Exercise directions: Write down the listing again exactly as it appears below, without its pictures.

Data shown:
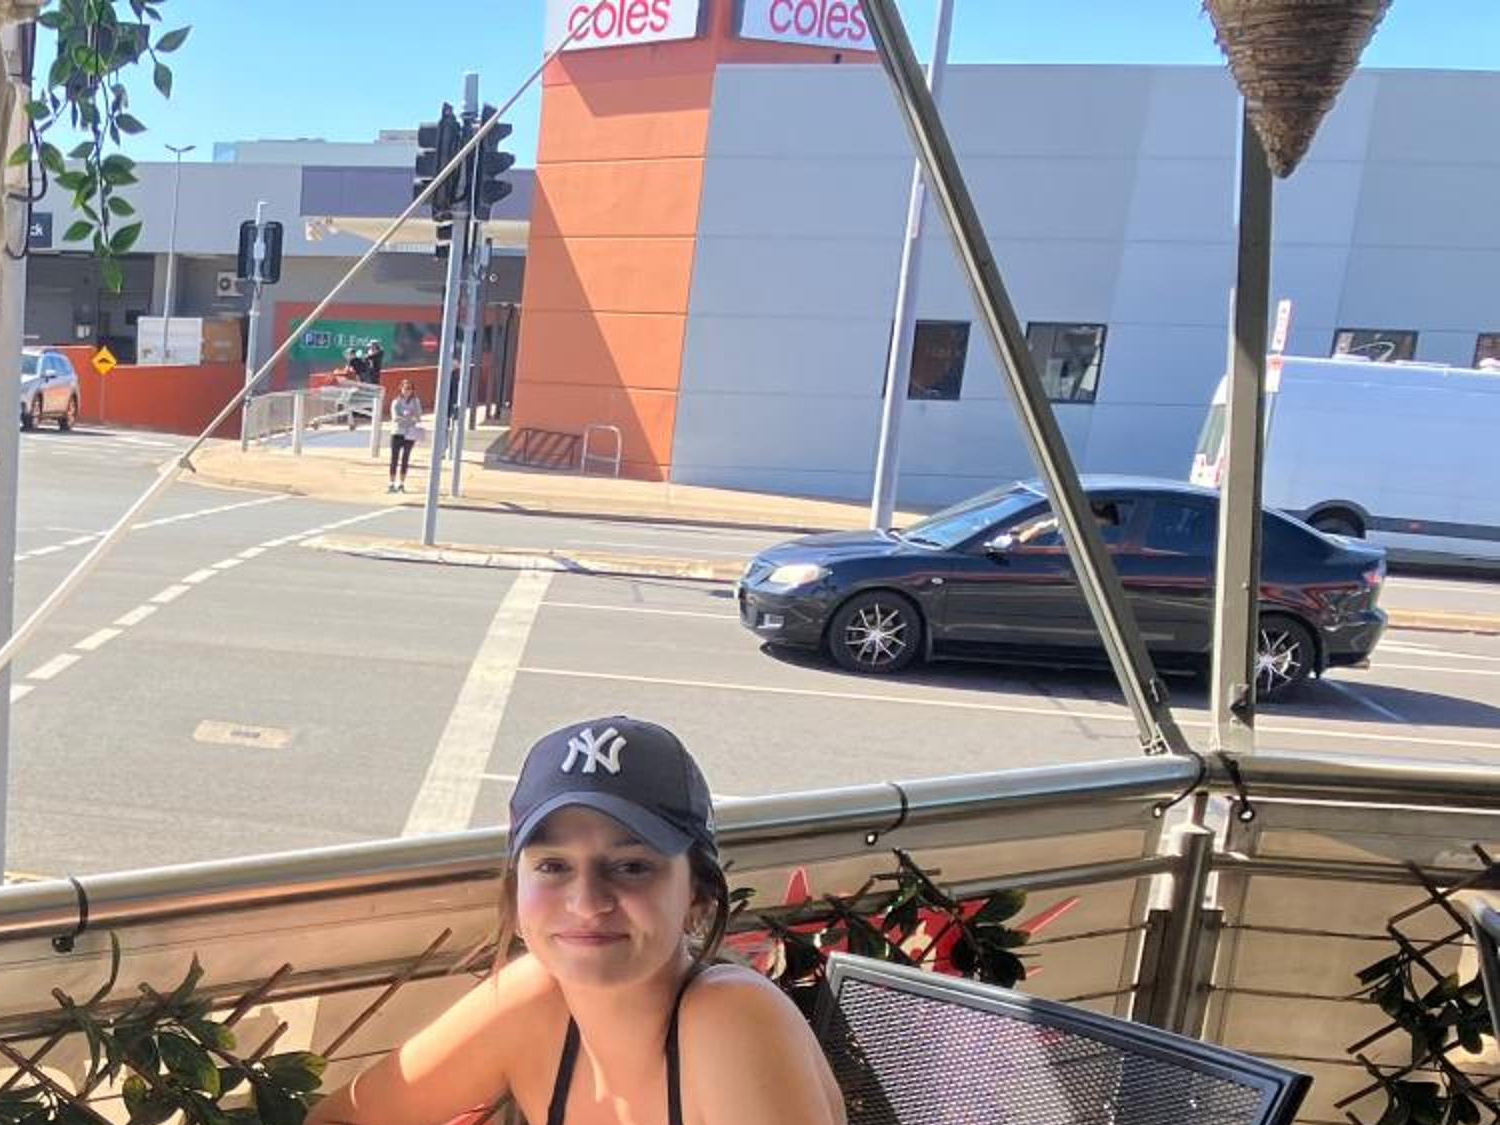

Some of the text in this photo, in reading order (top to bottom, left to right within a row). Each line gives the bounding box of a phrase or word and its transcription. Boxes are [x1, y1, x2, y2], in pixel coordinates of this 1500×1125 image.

[567, 0, 671, 40] coles
[769, 0, 867, 40] coles
[561, 727, 628, 774] NY
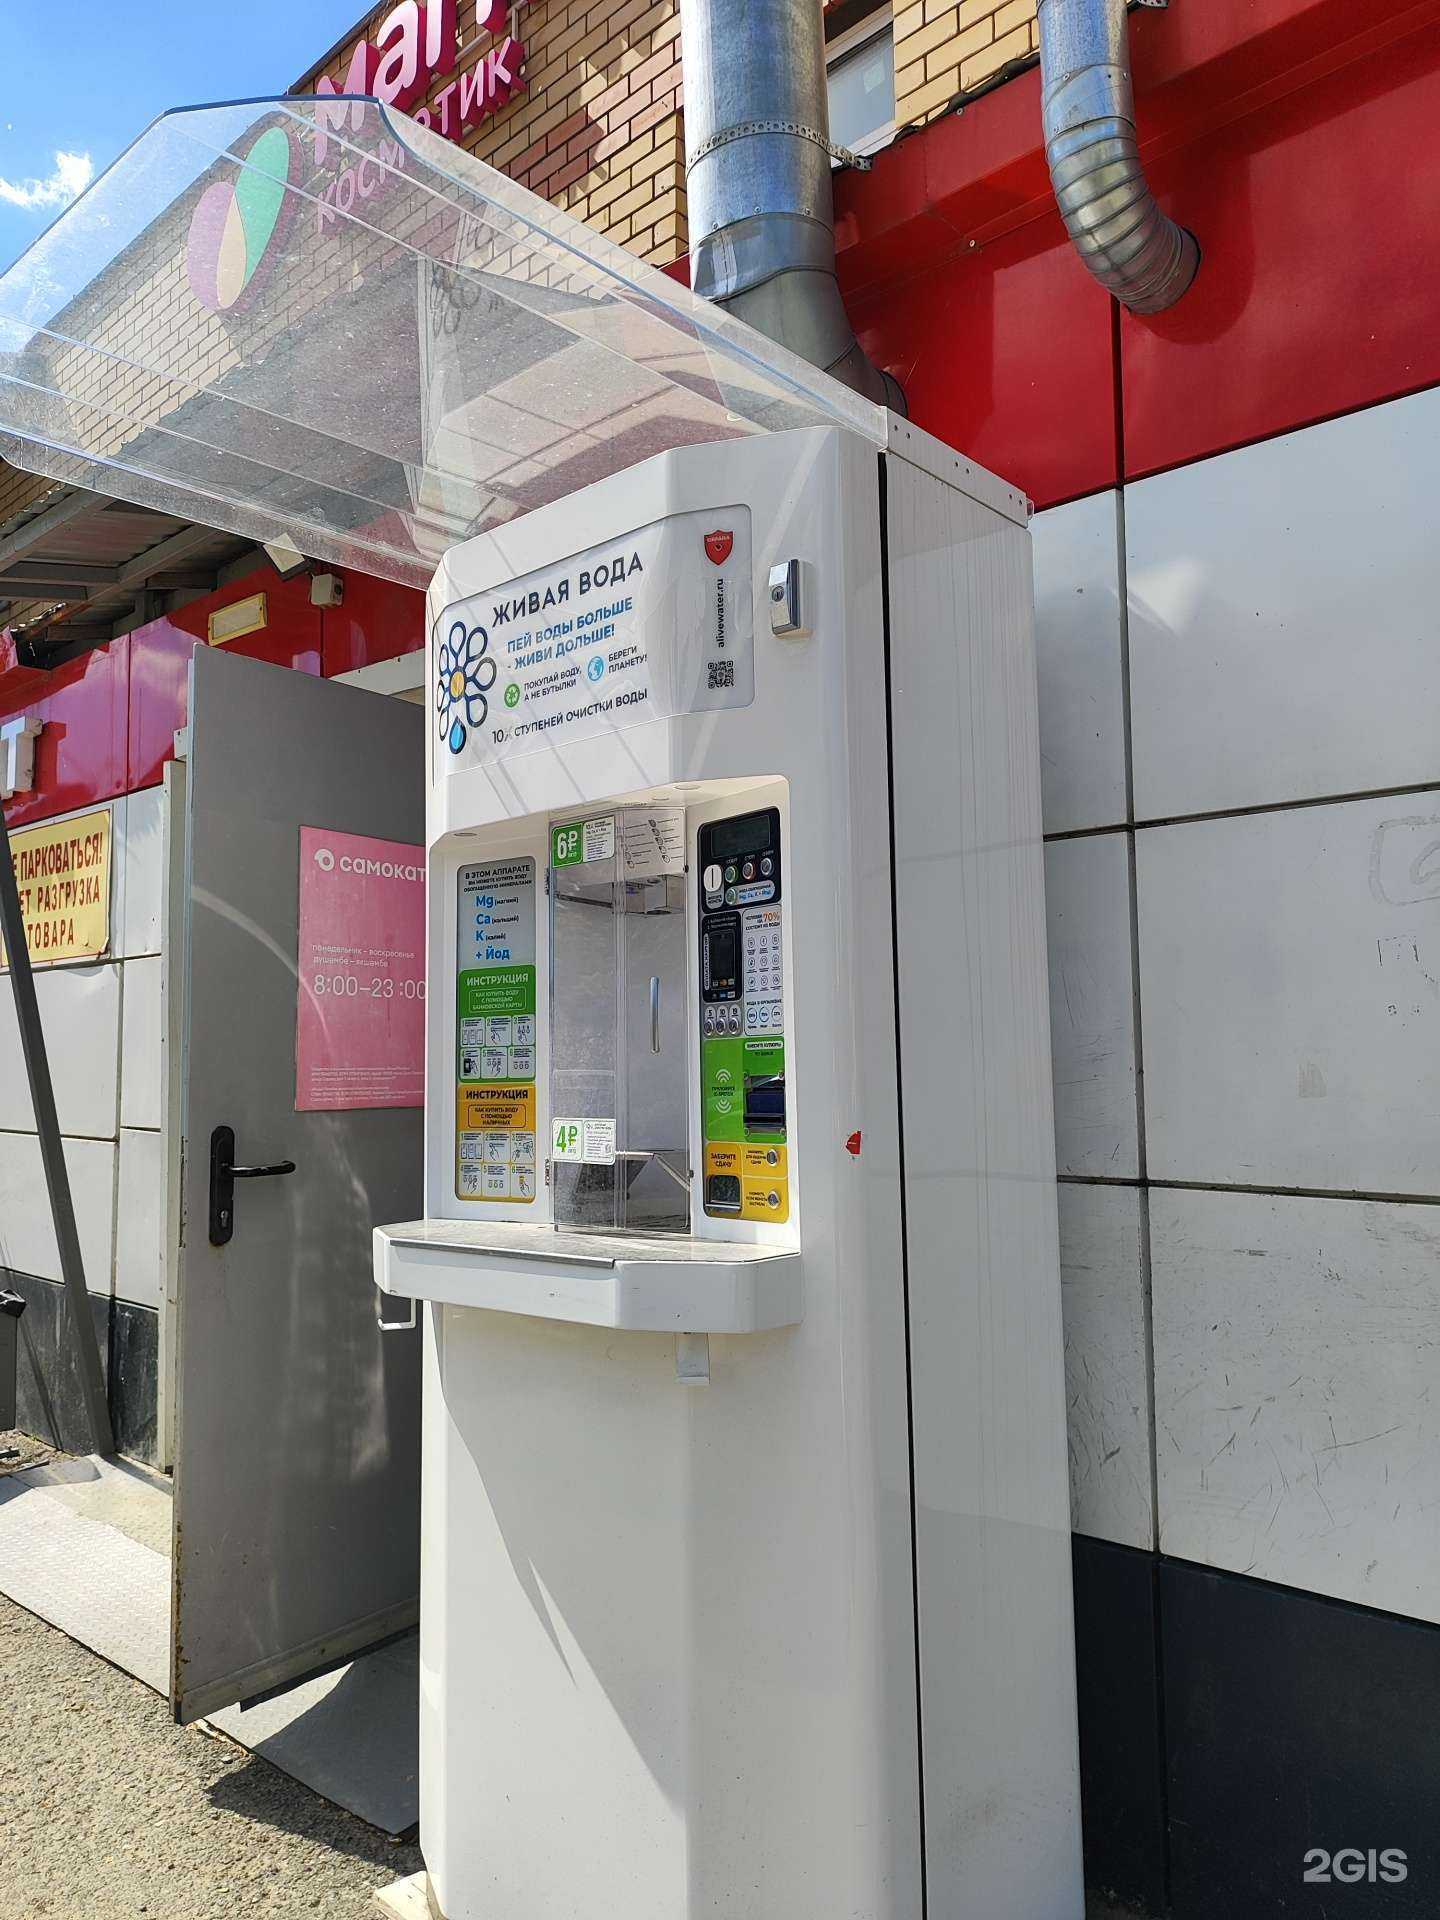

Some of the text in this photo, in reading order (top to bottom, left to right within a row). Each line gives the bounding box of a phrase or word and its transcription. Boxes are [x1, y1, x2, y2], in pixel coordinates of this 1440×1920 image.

[492, 552, 643, 627] ЖИВАЯ ВОДА
[507, 597, 633, 653] ПЕЙ ВОДЫ БОЛЬШЕ
[716, 578, 725, 649] alivewater.ru
[514, 647, 552, 670] ЖИВИ
[556, 624, 615, 658] ДОЛЬШЕ!
[608, 645, 637, 662] БЕРЕГИ
[608, 654, 648, 674] ПЛАНЕТУ!
[524, 666, 582, 691] ПОКУПАЙ ВОДУ,
[524, 678, 576, 701] А НЕ БУТЫЛКИ
[514, 712, 563, 737] СТУПЕНЕЙ
[566, 700, 613, 722] ОЧИСТКИ
[616, 688, 648, 708] ВОДЫ
[20, 832, 103, 882] ПАРКОВАТЬСЯ!
[340, 856, 426, 882] самокат
[471, 870, 491, 879] ЭТОМ
[492, 865, 531, 876] АППАРАТЕ
[38, 875, 100, 913] РАЗГРУЗКА
[476, 895, 494, 908] Mg
[476, 914, 490, 925] Ca
[28, 918, 74, 950] ТОВАРА
[486, 945, 510, 960] Йод
[466, 973, 528, 987] ИНСТРУКЦИЯ
[466, 1090, 528, 1100] ИНСТРУКЦИЯ
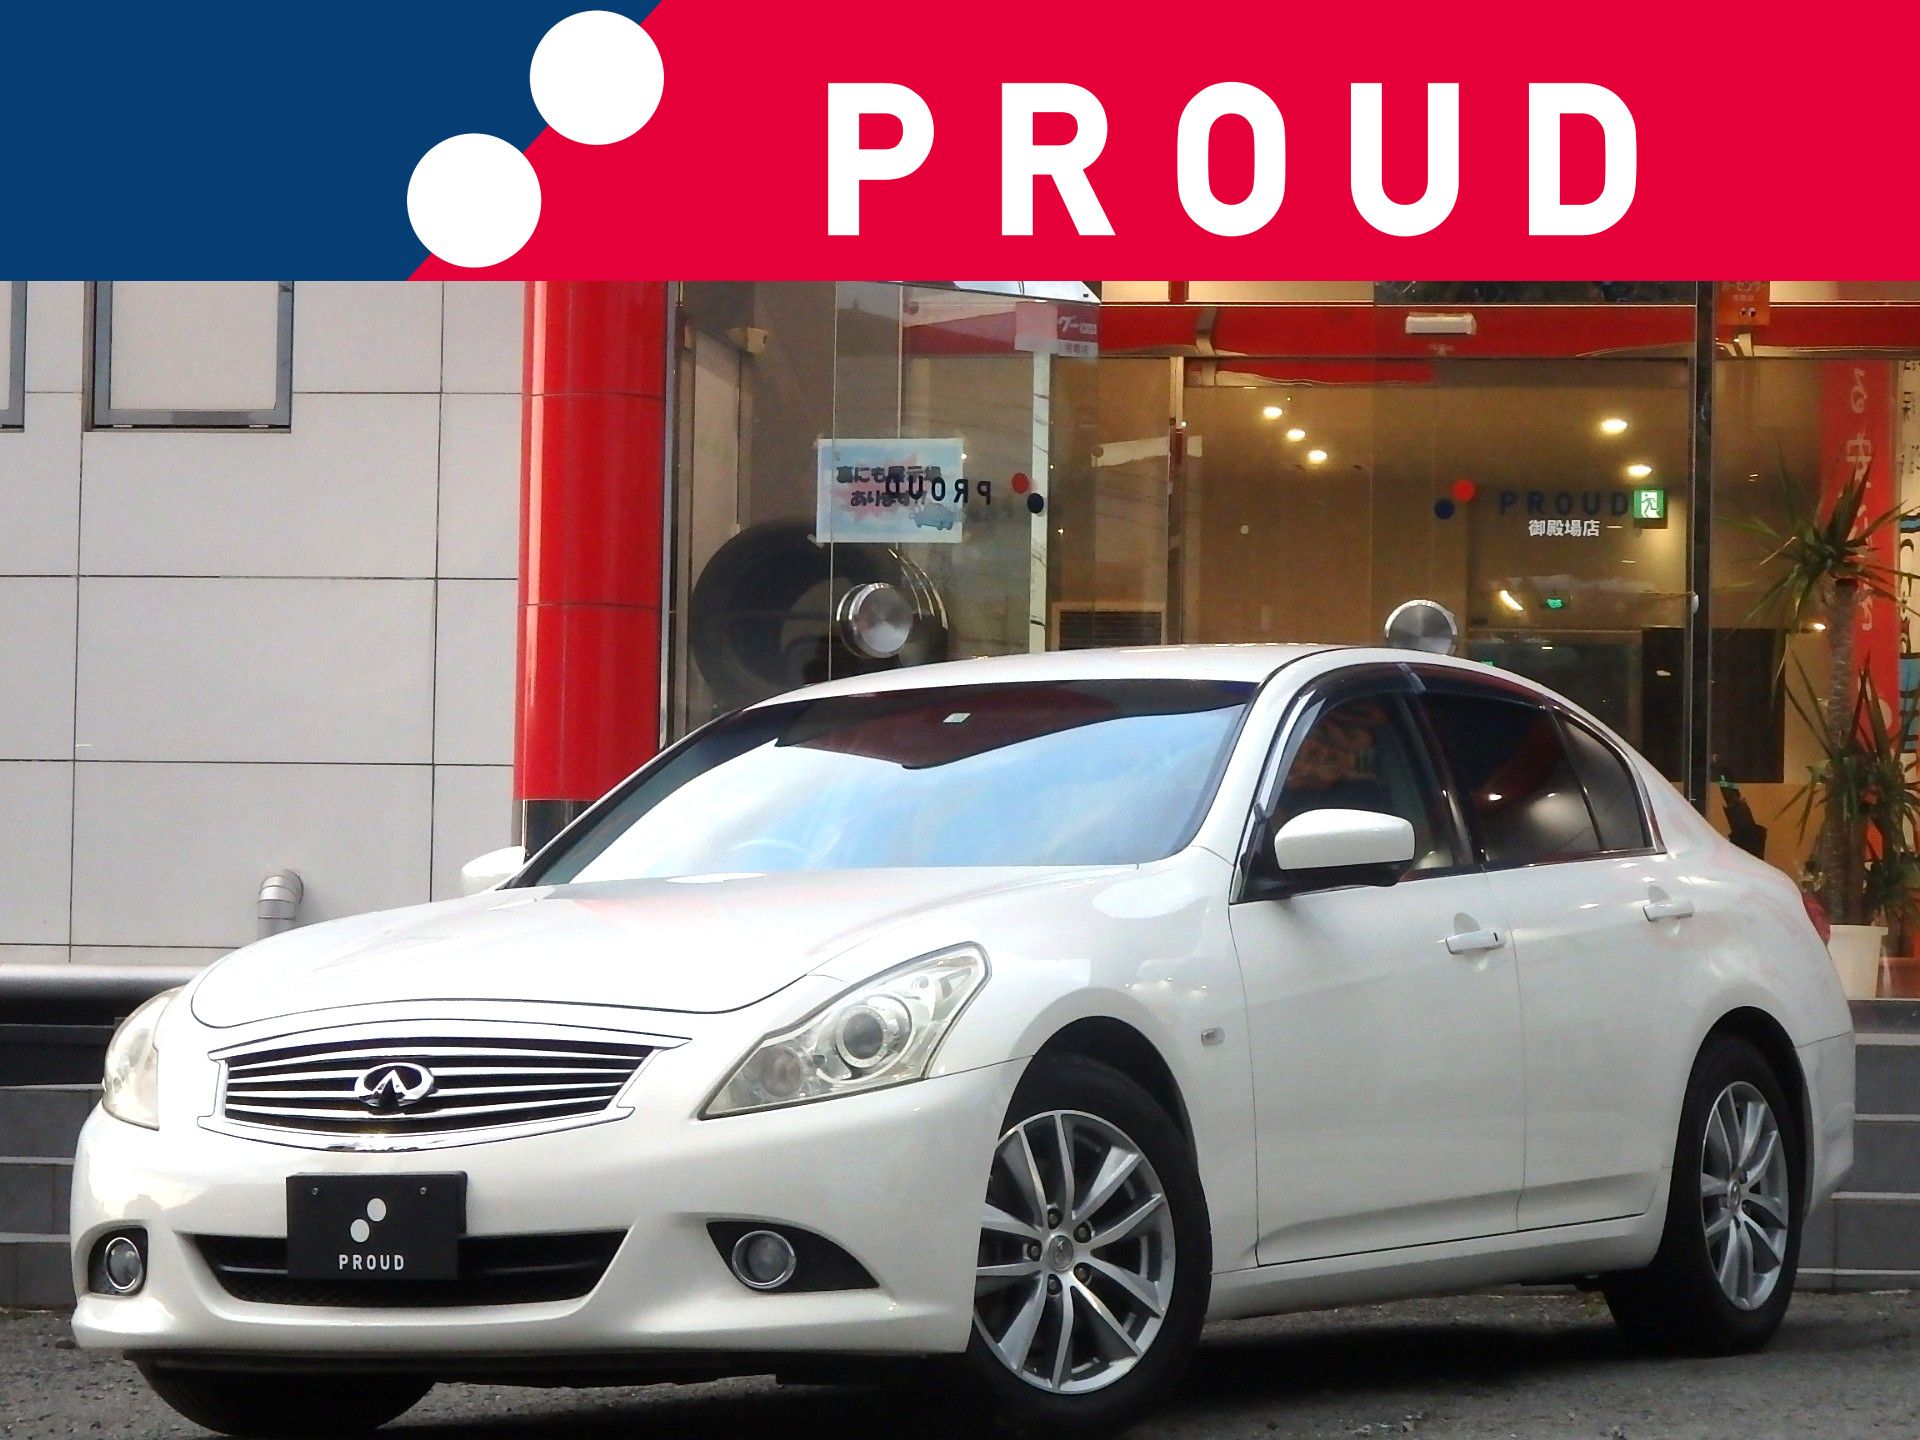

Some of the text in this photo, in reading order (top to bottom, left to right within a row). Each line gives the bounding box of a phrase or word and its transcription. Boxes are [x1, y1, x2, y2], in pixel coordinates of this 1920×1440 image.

Solution:
Some of the text in this photo, in reading order (top to bottom, left to right within a row). Each line gives the bounding box of a phrase or word and its transcription. Boxes are [x1, y1, x2, y2], in pixel coordinates of this 1500×1125 image.

[567, 0, 671, 40] coles
[769, 0, 867, 40] coles
[561, 727, 628, 774] NY

Some of the text in this photo, in reading order (top to bottom, left to right within a row). Each line gives the bounding box of a phrase or word and its transcription. Boxes are [x1, y1, x2, y2], in pixel coordinates of this 1440×1920 image.

[492, 552, 643, 627] ЖИВАЯ ВОДА
[507, 597, 633, 653] ПЕЙ ВОДЫ БОЛЬШЕ
[716, 578, 725, 649] alivewater.ru
[514, 647, 552, 670] ЖИВИ
[556, 624, 615, 658] ДОЛЬШЕ!
[608, 645, 637, 662] БЕРЕГИ
[608, 654, 648, 674] ПЛАНЕТУ!
[524, 666, 582, 691] ПОКУПАЙ ВОДУ,
[524, 678, 576, 701] А НЕ БУТЫЛКИ
[514, 712, 563, 737] СТУПЕНЕЙ
[566, 700, 613, 722] ОЧИСТКИ
[616, 688, 648, 708] ВОДЫ
[20, 832, 103, 882] ПАРКОВАТЬСЯ!
[340, 856, 426, 882] самокат
[471, 870, 491, 879] ЭТОМ
[492, 865, 531, 876] АППАРАТЕ
[38, 875, 100, 913] РАЗГРУЗКА
[476, 895, 494, 908] Mg
[476, 914, 490, 925] Ca
[28, 918, 74, 950] ТОВАРА
[486, 945, 510, 960] Йод
[466, 973, 528, 987] ИНСТРУКЦИЯ
[466, 1090, 528, 1100] ИНСТРУКЦИЯ

Some of the text in this photo, in reading order (top to bottom, left to right within a row). Each line gives the bounding box of a phrase or word and its transcription. Boxes are [x1, y1, x2, y2], in pixel coordinates of this 1920×1440 image.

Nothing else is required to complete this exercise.